ASSIGNMENT - Copy every line of the data that contains the string "MOLINA".

[Opening STORED DATA section]

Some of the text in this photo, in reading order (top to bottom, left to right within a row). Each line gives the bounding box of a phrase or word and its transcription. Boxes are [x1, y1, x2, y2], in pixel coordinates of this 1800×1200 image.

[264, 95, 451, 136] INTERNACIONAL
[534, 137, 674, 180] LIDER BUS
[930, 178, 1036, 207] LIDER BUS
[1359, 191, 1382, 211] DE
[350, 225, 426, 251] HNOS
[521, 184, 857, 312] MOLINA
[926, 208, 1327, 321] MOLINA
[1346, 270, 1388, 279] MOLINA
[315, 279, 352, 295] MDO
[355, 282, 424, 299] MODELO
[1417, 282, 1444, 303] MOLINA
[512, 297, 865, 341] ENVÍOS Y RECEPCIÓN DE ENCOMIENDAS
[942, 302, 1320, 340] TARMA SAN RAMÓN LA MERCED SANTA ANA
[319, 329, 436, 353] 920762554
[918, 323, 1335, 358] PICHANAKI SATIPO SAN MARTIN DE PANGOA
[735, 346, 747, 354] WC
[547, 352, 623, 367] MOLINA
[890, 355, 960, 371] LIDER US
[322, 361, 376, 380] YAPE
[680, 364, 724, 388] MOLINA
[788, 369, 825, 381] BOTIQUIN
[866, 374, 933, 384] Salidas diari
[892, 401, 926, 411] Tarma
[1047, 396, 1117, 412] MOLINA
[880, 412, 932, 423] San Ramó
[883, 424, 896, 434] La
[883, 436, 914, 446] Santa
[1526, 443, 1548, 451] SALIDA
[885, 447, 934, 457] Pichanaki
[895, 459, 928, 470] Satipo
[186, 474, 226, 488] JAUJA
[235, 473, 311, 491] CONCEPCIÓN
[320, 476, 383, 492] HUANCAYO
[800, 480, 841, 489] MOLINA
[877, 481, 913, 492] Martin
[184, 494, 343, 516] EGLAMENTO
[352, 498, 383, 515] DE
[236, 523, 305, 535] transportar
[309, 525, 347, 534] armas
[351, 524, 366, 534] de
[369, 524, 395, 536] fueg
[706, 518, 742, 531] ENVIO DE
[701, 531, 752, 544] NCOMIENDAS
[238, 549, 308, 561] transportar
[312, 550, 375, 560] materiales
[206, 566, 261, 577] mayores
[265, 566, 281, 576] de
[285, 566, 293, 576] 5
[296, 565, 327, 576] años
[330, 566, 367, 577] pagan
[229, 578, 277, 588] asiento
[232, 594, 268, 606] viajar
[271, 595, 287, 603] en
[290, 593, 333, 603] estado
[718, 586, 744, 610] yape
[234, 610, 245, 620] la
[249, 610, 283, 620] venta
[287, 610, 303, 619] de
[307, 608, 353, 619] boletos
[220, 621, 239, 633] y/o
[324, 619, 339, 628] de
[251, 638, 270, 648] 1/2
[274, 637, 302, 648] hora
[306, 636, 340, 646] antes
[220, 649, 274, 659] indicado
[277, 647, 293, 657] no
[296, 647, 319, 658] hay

[Closing STORED DATA section]

OUTPUT BELOW -
[521, 184, 857, 312] MOLINA
[926, 208, 1327, 321] MOLINA
[1346, 270, 1388, 279] MOLINA
[1417, 282, 1444, 303] MOLINA
[547, 352, 623, 367] MOLINA
[680, 364, 724, 388] MOLINA
[1047, 396, 1117, 412] MOLINA
[800, 480, 841, 489] MOLINA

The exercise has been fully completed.